Every line from the one with "this 1344×1344 image." to the end of the listing below must be printed exactly, with no other text and no pictures.
============
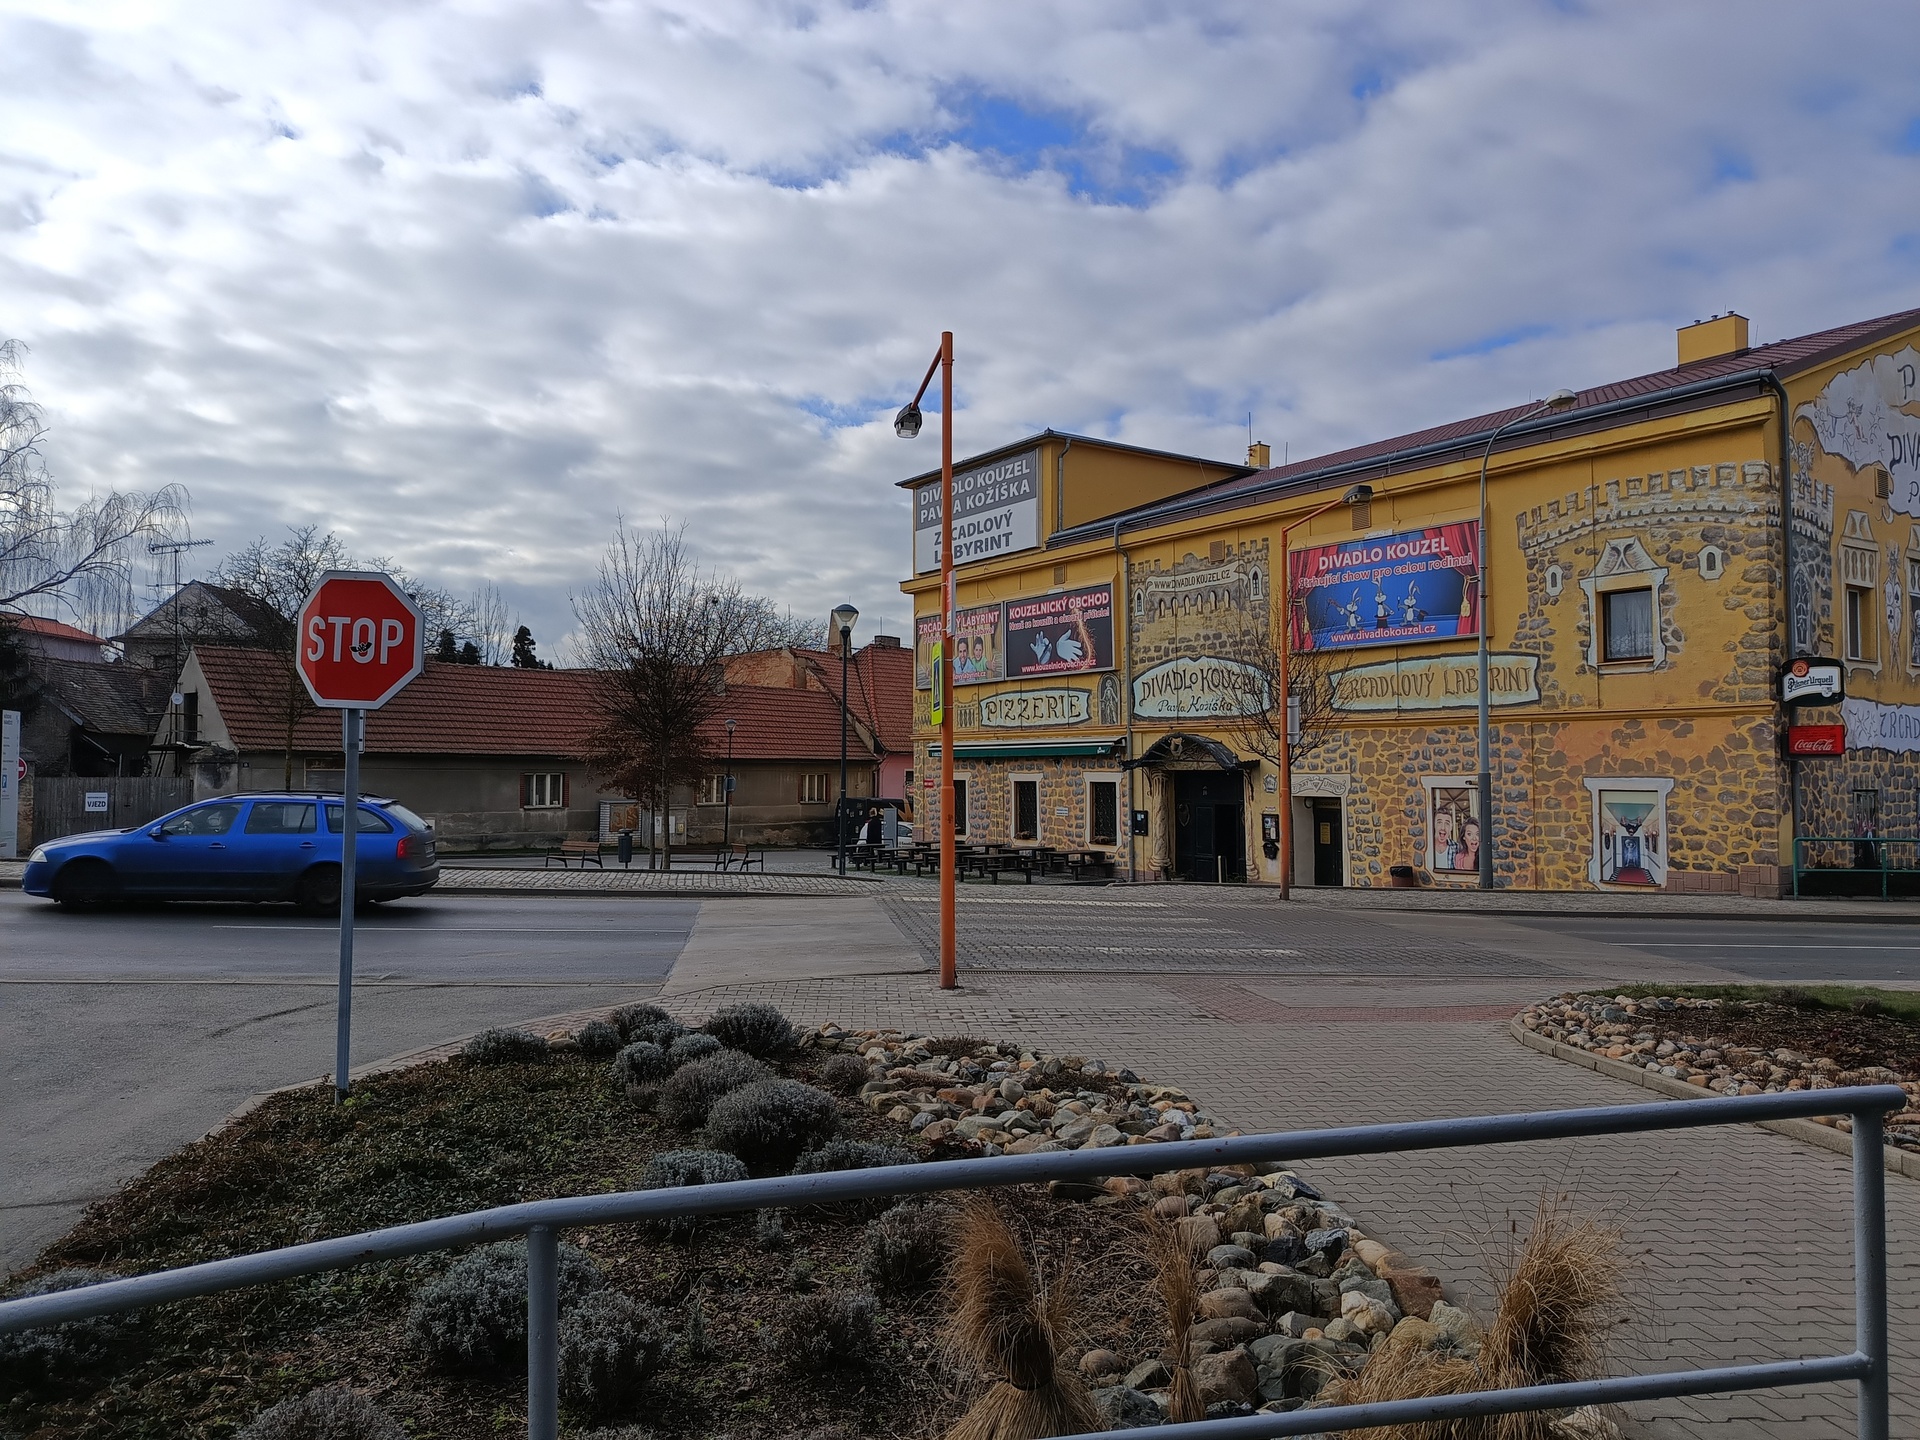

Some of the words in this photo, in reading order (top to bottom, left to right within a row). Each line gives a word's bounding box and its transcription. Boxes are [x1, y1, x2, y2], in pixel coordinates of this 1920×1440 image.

[920, 477, 974, 506] DIVDLO
[977, 460, 1030, 488] KOUZEL
[920, 500, 962, 524] PAVA
[966, 479, 1030, 510] KOŽÍŠKA
[934, 509, 1013, 546] ZCADLOVÝ
[934, 532, 1013, 564] LBYRINT
[1318, 547, 1383, 571] DIVADLO
[1386, 537, 1450, 560] KOUZEL
[1342, 569, 1371, 583] show
[1373, 564, 1391, 580] pro
[1393, 560, 1427, 575] celou
[1428, 552, 1473, 571] rodinu!
[962, 610, 1000, 628] LABYRINT
[1010, 597, 1067, 620] KOUZELNICKÝ
[1068, 592, 1110, 609] OBCHOD
[307, 615, 404, 664] STOP
[1331, 623, 1436, 643] www.divadlokouzel.cz
[1139, 669, 1198, 707] DIVADLO
[1442, 667, 1531, 696] LABRINT
[1809, 675, 1834, 687] Urquell
[985, 694, 1081, 722] PIZZERIE
[1158, 700, 1186, 713] Pavla
[1794, 739, 1834, 751] Coca-Cola
[87, 800, 107, 808] VJEZD
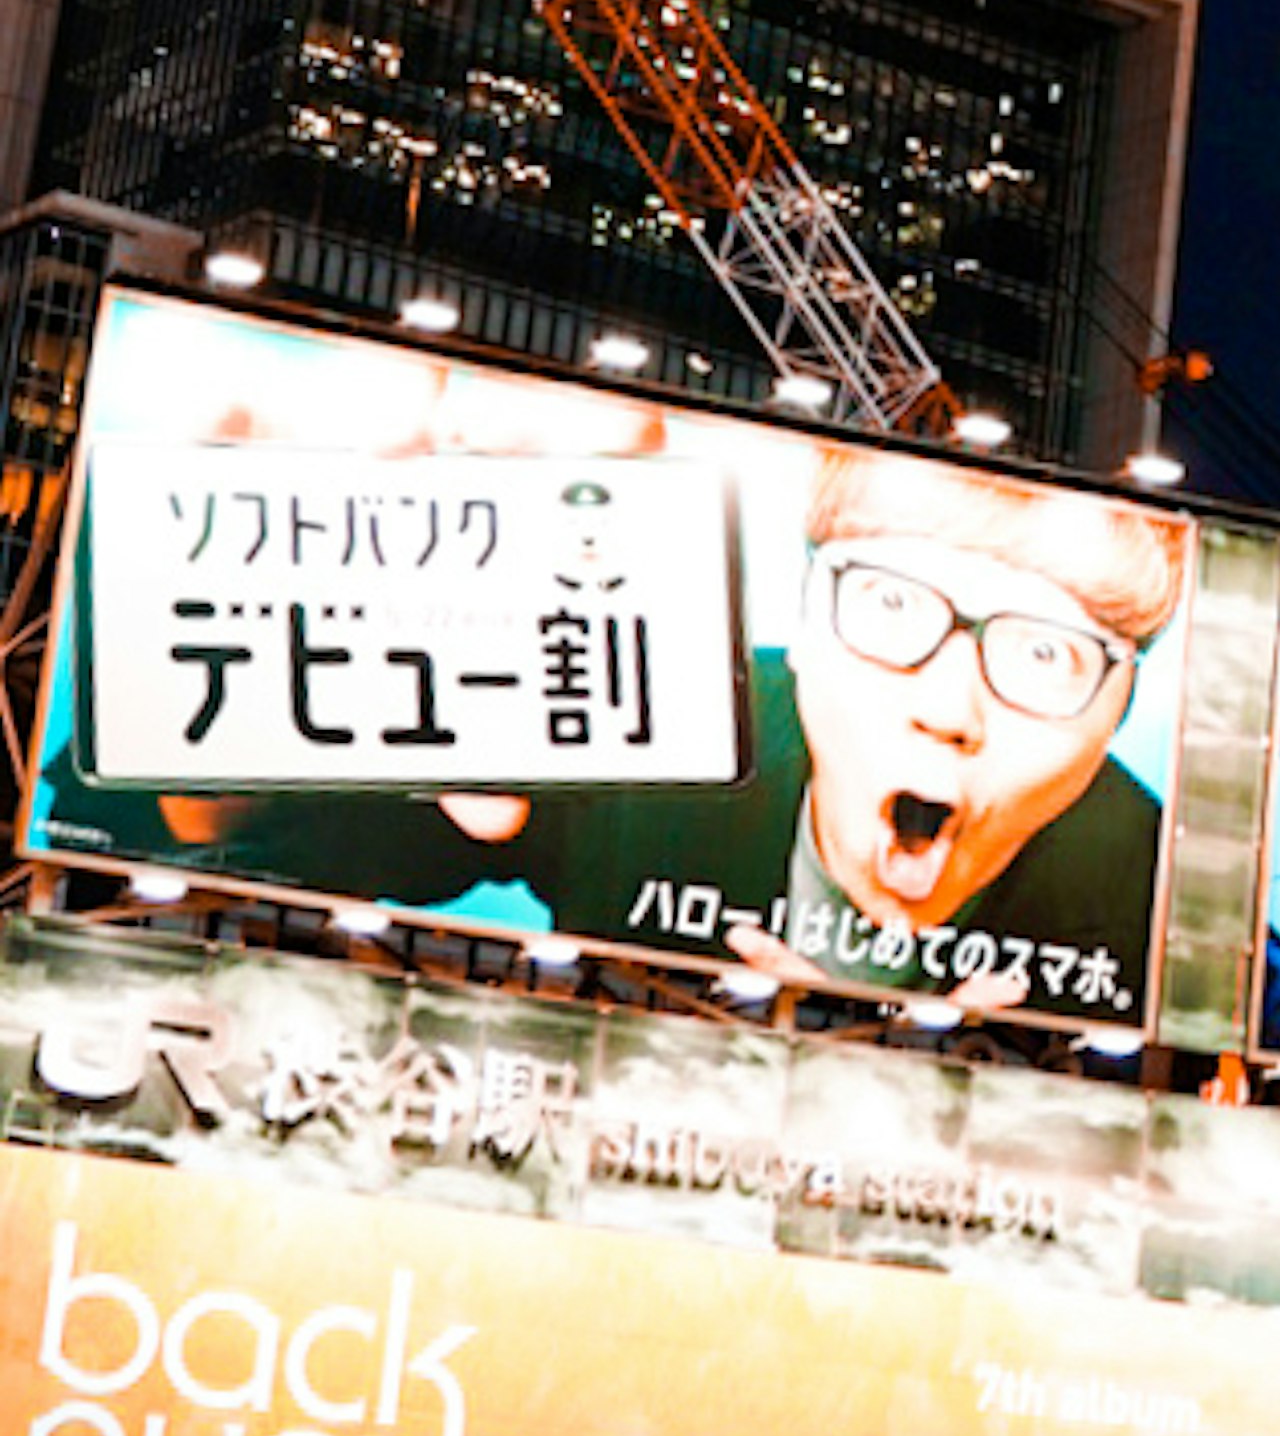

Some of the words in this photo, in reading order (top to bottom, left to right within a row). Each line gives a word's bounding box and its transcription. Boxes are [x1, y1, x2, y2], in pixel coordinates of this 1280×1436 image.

[168, 487, 505, 573] ソフトバンク
[168, 599, 653, 750] デビュー割
[40, 1220, 478, 1433] back
[1059, 1374, 1202, 1433] album
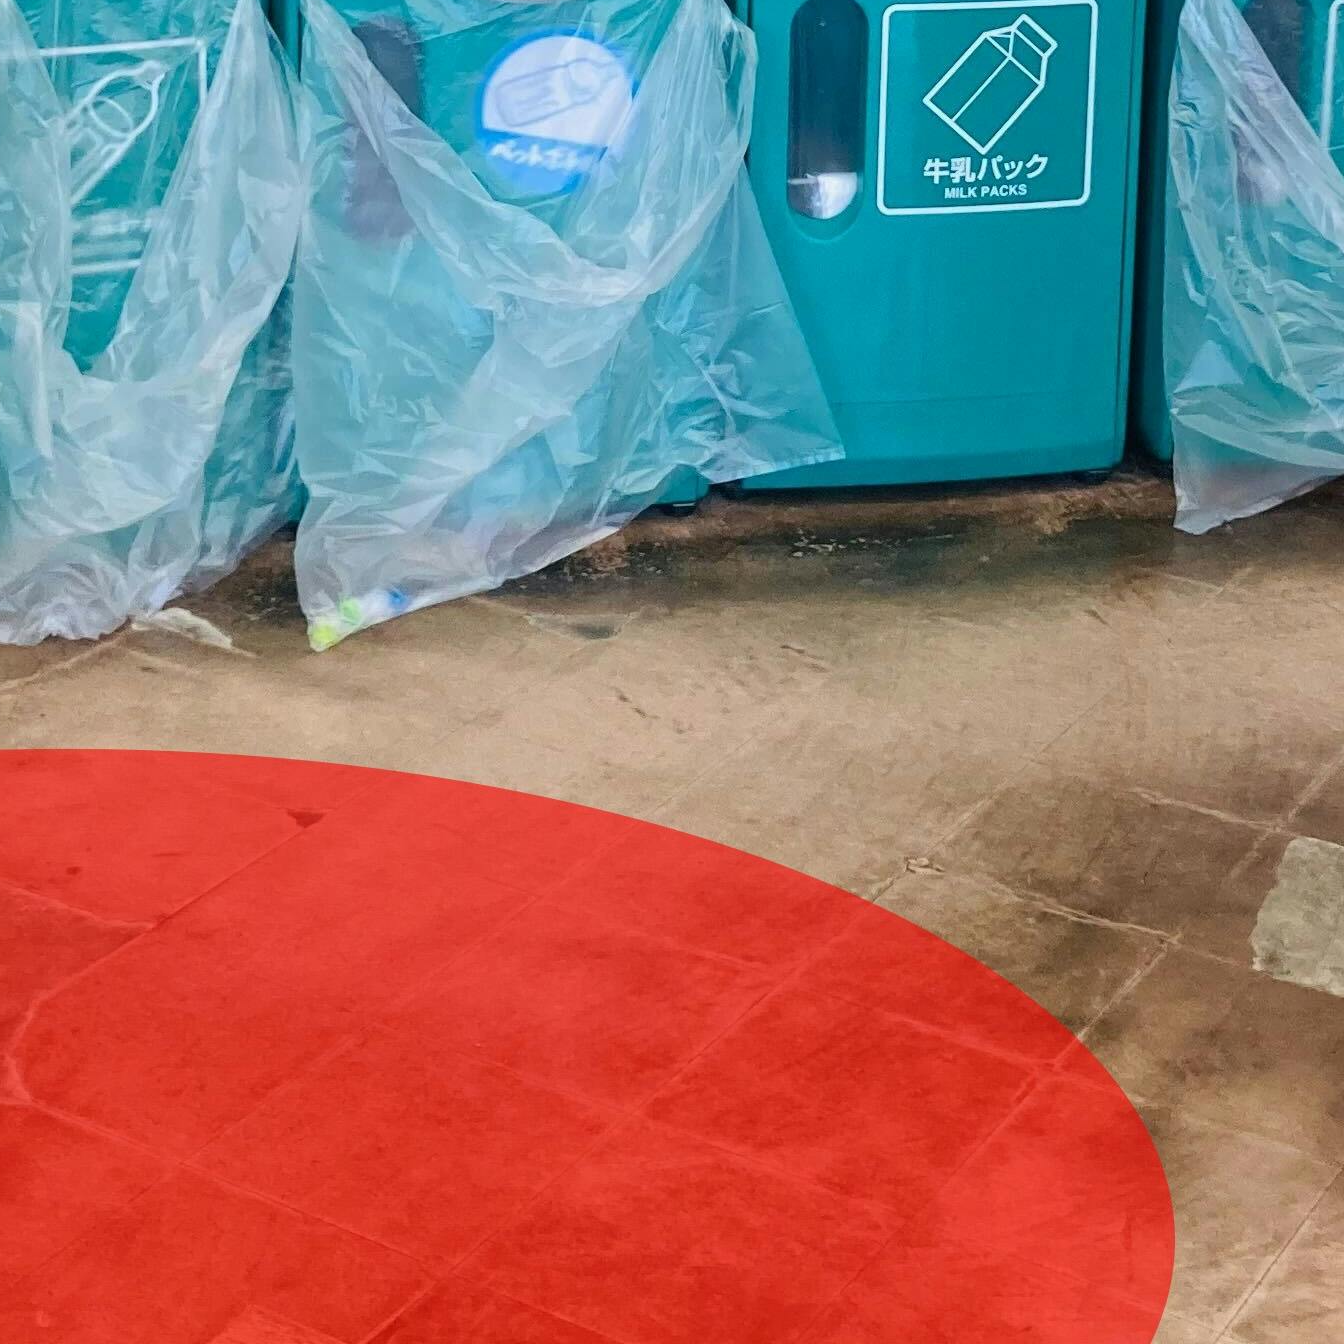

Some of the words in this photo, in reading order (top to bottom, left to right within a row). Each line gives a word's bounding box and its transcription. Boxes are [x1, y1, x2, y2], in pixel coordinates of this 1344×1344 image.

[923, 154, 1049, 184] 牛乳パック
[944, 187, 978, 199] MILK
[980, 184, 1028, 198] PACKS
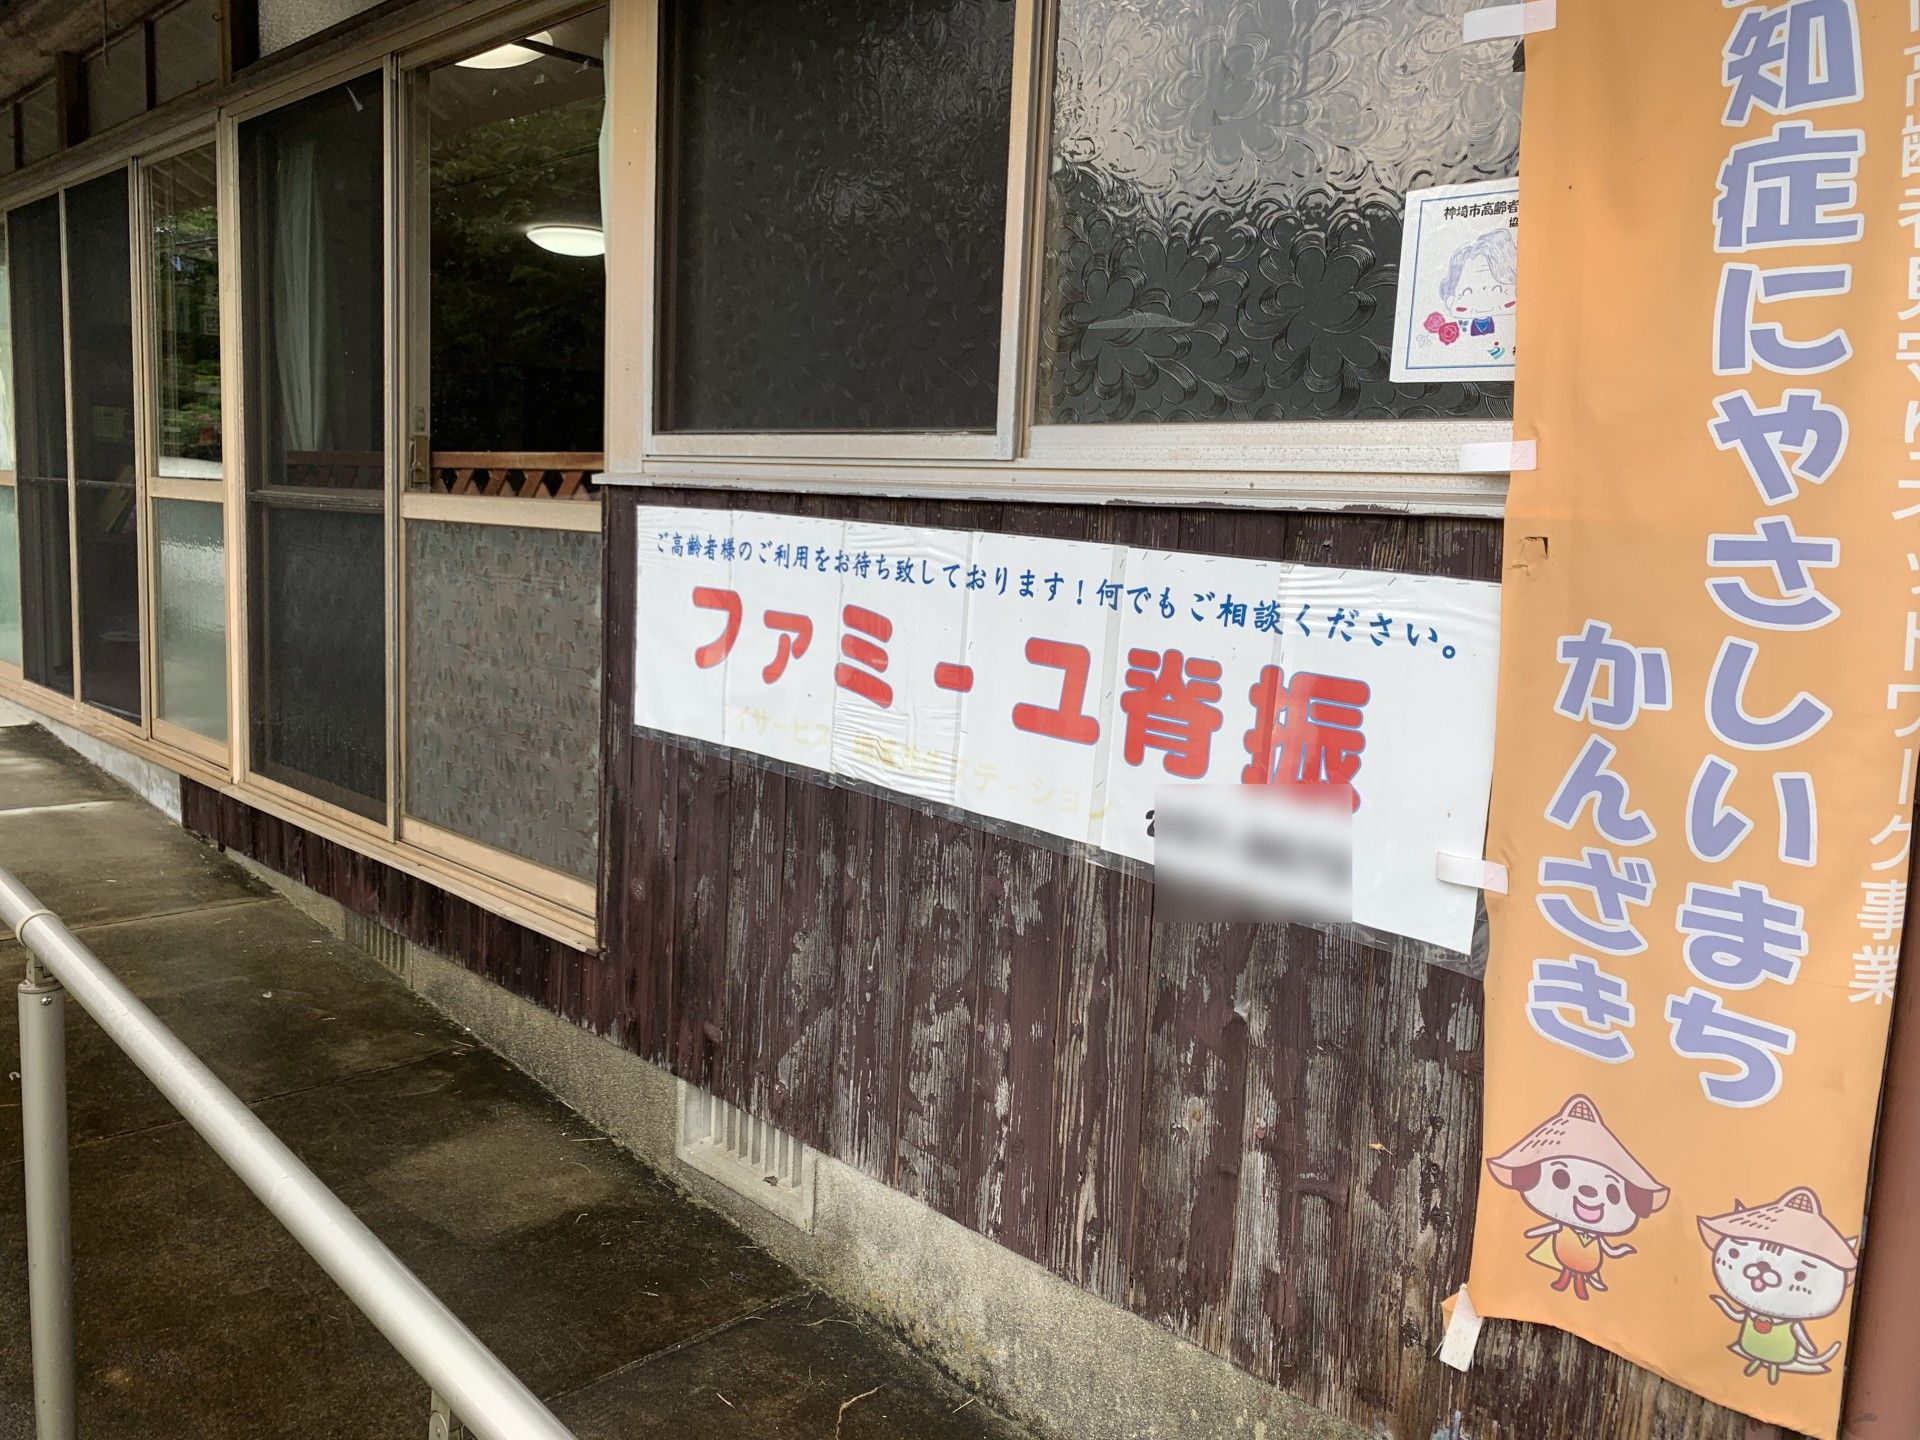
============
Expected answer:
Some of the words in this photo, in reading order (top to bottom, left to right within a row). Each line gives a word's bounding box and its transcription. Boxes are [x1, y1, x2, y2], in pixel coordinates of this 1344×1344 image.

[923, 154, 1049, 184] 牛乳パック
[944, 187, 978, 199] MILK
[980, 184, 1028, 198] PACKS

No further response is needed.